→ Task input:
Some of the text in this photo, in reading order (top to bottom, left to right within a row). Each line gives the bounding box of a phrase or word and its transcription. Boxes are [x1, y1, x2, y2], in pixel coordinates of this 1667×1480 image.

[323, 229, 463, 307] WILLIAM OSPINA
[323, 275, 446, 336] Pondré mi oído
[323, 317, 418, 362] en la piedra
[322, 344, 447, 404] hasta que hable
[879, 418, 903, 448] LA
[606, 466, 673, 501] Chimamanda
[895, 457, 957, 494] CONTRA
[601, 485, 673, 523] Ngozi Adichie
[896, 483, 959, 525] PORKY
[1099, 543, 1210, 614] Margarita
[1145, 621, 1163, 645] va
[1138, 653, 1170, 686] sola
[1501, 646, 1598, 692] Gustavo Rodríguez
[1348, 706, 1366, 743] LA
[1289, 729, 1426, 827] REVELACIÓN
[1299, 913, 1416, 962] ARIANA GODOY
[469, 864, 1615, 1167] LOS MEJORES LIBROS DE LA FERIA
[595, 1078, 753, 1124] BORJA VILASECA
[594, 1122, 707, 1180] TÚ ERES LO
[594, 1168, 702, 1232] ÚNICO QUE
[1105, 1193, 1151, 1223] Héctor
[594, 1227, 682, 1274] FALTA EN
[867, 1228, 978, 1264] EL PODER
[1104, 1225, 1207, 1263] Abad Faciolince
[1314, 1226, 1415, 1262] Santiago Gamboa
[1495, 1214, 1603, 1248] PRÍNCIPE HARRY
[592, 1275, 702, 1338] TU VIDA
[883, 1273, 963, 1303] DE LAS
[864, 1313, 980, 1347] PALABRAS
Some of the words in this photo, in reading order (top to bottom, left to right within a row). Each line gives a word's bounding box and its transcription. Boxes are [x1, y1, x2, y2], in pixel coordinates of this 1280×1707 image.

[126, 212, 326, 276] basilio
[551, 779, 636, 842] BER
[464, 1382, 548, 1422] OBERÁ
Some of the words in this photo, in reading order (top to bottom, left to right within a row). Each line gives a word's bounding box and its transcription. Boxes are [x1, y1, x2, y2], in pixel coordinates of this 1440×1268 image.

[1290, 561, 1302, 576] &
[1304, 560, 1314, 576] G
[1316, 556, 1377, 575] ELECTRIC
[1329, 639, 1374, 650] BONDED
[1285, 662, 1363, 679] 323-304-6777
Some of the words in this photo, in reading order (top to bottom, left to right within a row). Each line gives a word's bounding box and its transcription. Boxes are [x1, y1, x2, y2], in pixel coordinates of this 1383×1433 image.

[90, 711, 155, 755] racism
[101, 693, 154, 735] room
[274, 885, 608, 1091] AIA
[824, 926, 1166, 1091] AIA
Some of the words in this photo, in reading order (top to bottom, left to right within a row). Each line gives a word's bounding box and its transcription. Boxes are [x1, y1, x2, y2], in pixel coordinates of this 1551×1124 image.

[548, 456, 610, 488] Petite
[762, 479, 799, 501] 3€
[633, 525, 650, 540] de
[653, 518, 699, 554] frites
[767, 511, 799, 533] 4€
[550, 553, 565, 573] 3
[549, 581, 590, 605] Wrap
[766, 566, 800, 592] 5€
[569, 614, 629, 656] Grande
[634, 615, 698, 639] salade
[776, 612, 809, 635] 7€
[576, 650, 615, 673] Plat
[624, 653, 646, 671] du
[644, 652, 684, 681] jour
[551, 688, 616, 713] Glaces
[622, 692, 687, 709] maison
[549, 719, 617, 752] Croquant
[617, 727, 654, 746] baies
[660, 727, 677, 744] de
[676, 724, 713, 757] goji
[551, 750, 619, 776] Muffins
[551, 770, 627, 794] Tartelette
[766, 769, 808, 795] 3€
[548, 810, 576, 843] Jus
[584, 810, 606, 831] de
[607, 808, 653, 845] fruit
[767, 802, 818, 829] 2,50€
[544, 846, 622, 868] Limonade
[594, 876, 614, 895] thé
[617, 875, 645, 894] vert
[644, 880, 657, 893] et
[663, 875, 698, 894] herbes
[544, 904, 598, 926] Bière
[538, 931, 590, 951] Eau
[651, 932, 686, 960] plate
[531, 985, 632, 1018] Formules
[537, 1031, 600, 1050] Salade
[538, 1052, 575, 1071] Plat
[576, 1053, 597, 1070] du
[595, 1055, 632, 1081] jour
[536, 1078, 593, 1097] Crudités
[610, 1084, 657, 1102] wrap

→ Directions for this task: Give back, unchanged, the line containing "this 1440×1268 image." and each line that comes after it in the entries above, ending with the last.

→ Response to this task:
Some of the words in this photo, in reading order (top to bottom, left to right within a row). Each line gives a word's bounding box and its transcription. Boxes are [x1, y1, x2, y2], in pixel coordinates of this 1440×1268 image.

[1290, 561, 1302, 576] &
[1304, 560, 1314, 576] G
[1316, 556, 1377, 575] ELECTRIC
[1329, 639, 1374, 650] BONDED
[1285, 662, 1363, 679] 323-304-6777
Some of the words in this photo, in reading order (top to bottom, left to right within a row). Each line gives a word's bounding box and its transcription. Boxes are [x1, y1, x2, y2], in pixel coordinates of this 1383×1433 image.

[90, 711, 155, 755] racism
[101, 693, 154, 735] room
[274, 885, 608, 1091] AIA
[824, 926, 1166, 1091] AIA
Some of the words in this photo, in reading order (top to bottom, left to right within a row). Each line gives a word's bounding box and its transcription. Boxes are [x1, y1, x2, y2], in pixel coordinates of this 1551×1124 image.

[548, 456, 610, 488] Petite
[762, 479, 799, 501] 3€
[633, 525, 650, 540] de
[653, 518, 699, 554] frites
[767, 511, 799, 533] 4€
[550, 553, 565, 573] 3
[549, 581, 590, 605] Wrap
[766, 566, 800, 592] 5€
[569, 614, 629, 656] Grande
[634, 615, 698, 639] salade
[776, 612, 809, 635] 7€
[576, 650, 615, 673] Plat
[624, 653, 646, 671] du
[644, 652, 684, 681] jour
[551, 688, 616, 713] Glaces
[622, 692, 687, 709] maison
[549, 719, 617, 752] Croquant
[617, 727, 654, 746] baies
[660, 727, 677, 744] de
[676, 724, 713, 757] goji
[551, 750, 619, 776] Muffins
[551, 770, 627, 794] Tartelette
[766, 769, 808, 795] 3€
[548, 810, 576, 843] Jus
[584, 810, 606, 831] de
[607, 808, 653, 845] fruit
[767, 802, 818, 829] 2,50€
[544, 846, 622, 868] Limonade
[594, 876, 614, 895] thé
[617, 875, 645, 894] vert
[644, 880, 657, 893] et
[663, 875, 698, 894] herbes
[544, 904, 598, 926] Bière
[538, 931, 590, 951] Eau
[651, 932, 686, 960] plate
[531, 985, 632, 1018] Formules
[537, 1031, 600, 1050] Salade
[538, 1052, 575, 1071] Plat
[576, 1053, 597, 1070] du
[595, 1055, 632, 1081] jour
[536, 1078, 593, 1097] Crudités
[610, 1084, 657, 1102] wrap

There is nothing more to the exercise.